Instructions for the task: The listing below has to be output exactly as given, less its pictures.
------------
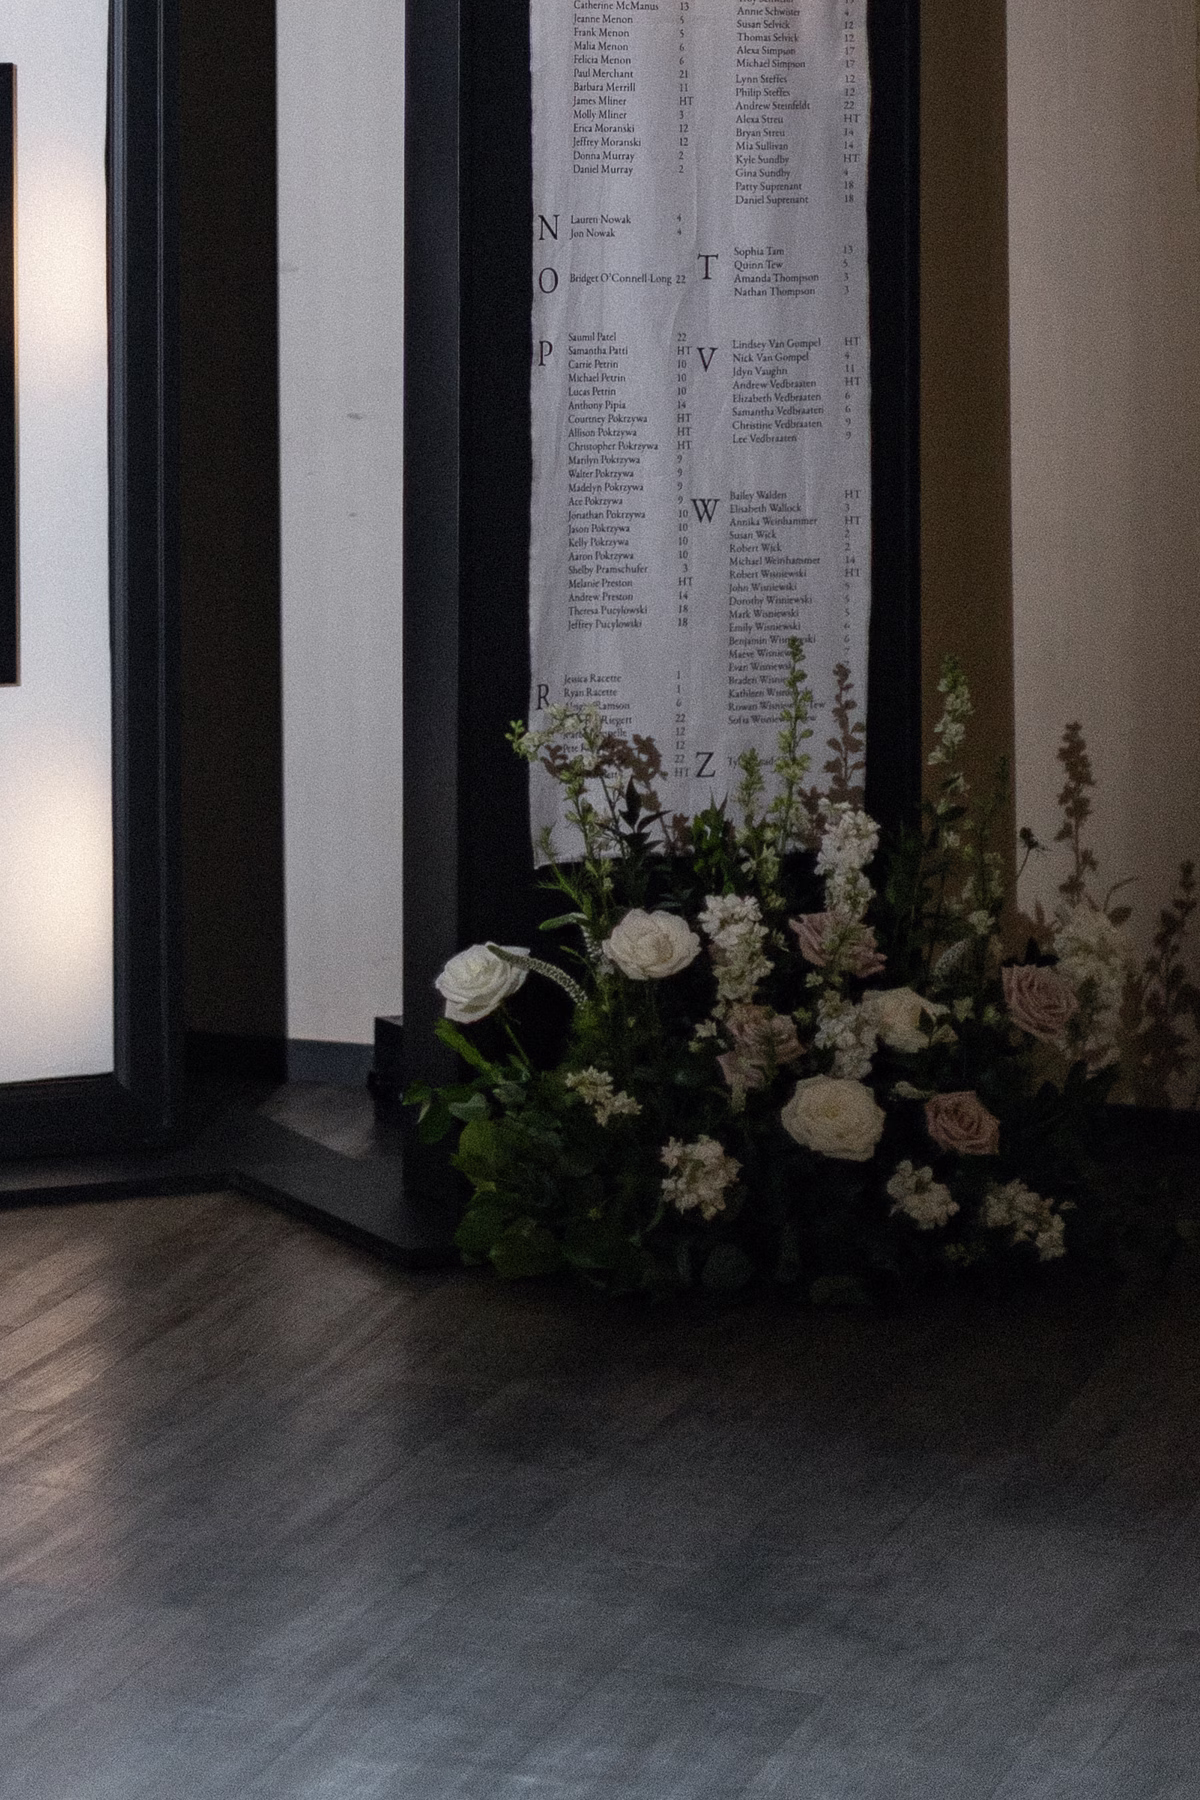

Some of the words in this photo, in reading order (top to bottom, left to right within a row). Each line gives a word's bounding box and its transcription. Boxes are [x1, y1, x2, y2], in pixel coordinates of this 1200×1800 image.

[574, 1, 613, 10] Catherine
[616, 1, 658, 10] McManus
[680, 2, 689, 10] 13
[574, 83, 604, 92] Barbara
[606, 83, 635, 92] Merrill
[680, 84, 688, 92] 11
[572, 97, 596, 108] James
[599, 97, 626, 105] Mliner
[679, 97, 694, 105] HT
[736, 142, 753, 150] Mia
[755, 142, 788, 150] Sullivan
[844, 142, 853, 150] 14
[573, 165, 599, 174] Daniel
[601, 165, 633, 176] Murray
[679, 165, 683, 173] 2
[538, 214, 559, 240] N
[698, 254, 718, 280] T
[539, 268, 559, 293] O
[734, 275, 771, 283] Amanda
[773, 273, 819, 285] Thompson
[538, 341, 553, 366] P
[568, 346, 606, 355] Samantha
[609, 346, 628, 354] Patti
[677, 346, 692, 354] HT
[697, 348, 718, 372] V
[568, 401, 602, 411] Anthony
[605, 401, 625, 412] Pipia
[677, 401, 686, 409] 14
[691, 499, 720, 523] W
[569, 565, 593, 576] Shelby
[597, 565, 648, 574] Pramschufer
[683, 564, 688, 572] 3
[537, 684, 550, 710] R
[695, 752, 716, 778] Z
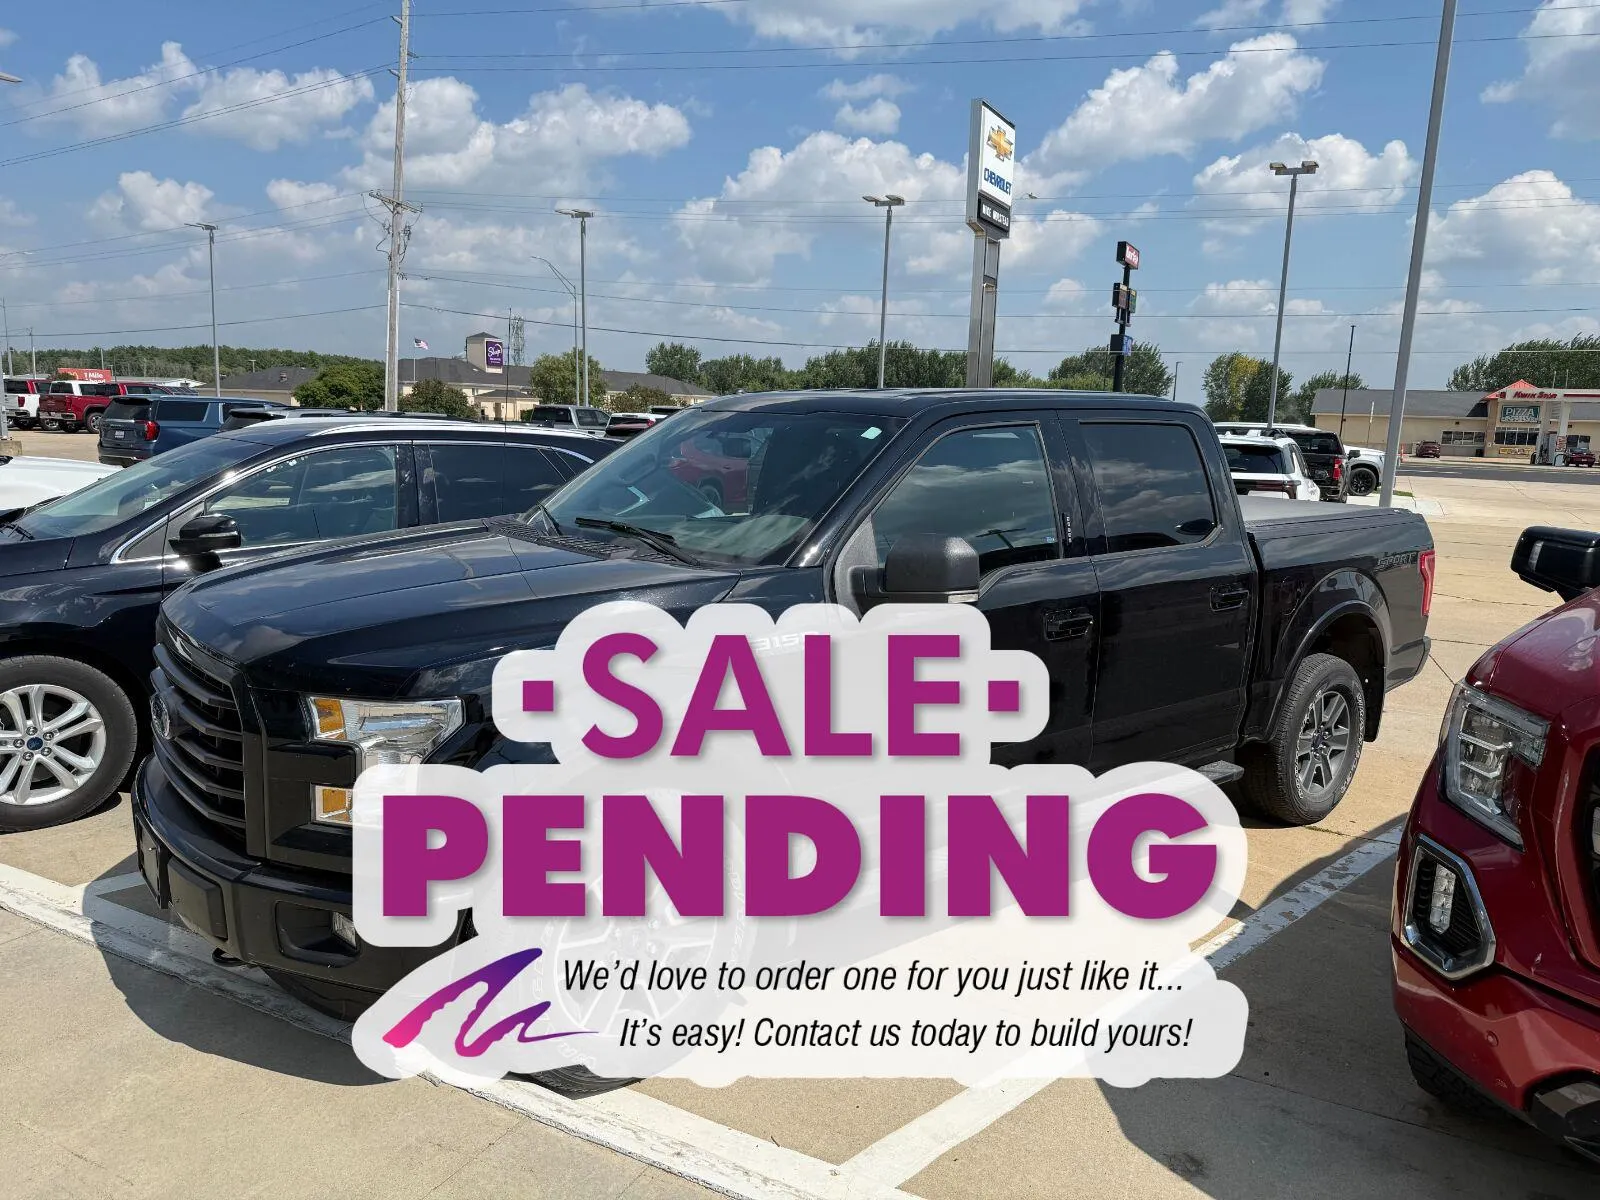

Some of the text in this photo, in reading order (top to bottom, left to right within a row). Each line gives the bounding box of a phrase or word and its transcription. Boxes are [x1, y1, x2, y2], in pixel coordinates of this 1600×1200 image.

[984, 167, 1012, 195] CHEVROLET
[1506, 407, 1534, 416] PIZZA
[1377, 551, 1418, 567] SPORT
------------
Solved problem:
Some of the words in this photo, in reading order (top to bottom, left to right within a row). Each line gives a word's bounding box and its transcription. Boxes are [x1, y1, x2, y2], in pixel coordinates of this 1200×1800 image.

[574, 1, 613, 10] Catherine
[616, 1, 658, 10] McManus
[680, 2, 689, 10] 13
[574, 83, 604, 92] Barbara
[606, 83, 635, 92] Merrill
[680, 84, 688, 92] 11
[572, 97, 596, 108] James
[599, 97, 626, 105] Mliner
[679, 97, 694, 105] HT
[736, 142, 753, 150] Mia
[755, 142, 788, 150] Sullivan
[844, 142, 853, 150] 14
[573, 165, 599, 174] Daniel
[601, 165, 633, 176] Murray
[679, 165, 683, 173] 2
[538, 214, 559, 240] N
[698, 254, 718, 280] T
[539, 268, 559, 293] O
[734, 275, 771, 283] Amanda
[773, 273, 819, 285] Thompson
[538, 341, 553, 366] P
[568, 346, 606, 355] Samantha
[609, 346, 628, 354] Patti
[677, 346, 692, 354] HT
[697, 348, 718, 372] V
[568, 401, 602, 411] Anthony
[605, 401, 625, 412] Pipia
[677, 401, 686, 409] 14
[691, 499, 720, 523] W
[569, 565, 593, 576] Shelby
[597, 565, 648, 574] Pramschufer
[683, 564, 688, 572] 3
[537, 684, 550, 710] R
[695, 752, 716, 778] Z

Some of the text in this photo, in reading order (top to bottom, left to right within a row). Each line gives the bounding box of a phrase or word and its transcription. Boxes are [x1, y1, x2, y2], in pixel coordinates of this 1600×1200 image.

[984, 167, 1012, 195] CHEVROLET
[1506, 407, 1534, 416] PIZZA
[1377, 551, 1418, 567] SPORT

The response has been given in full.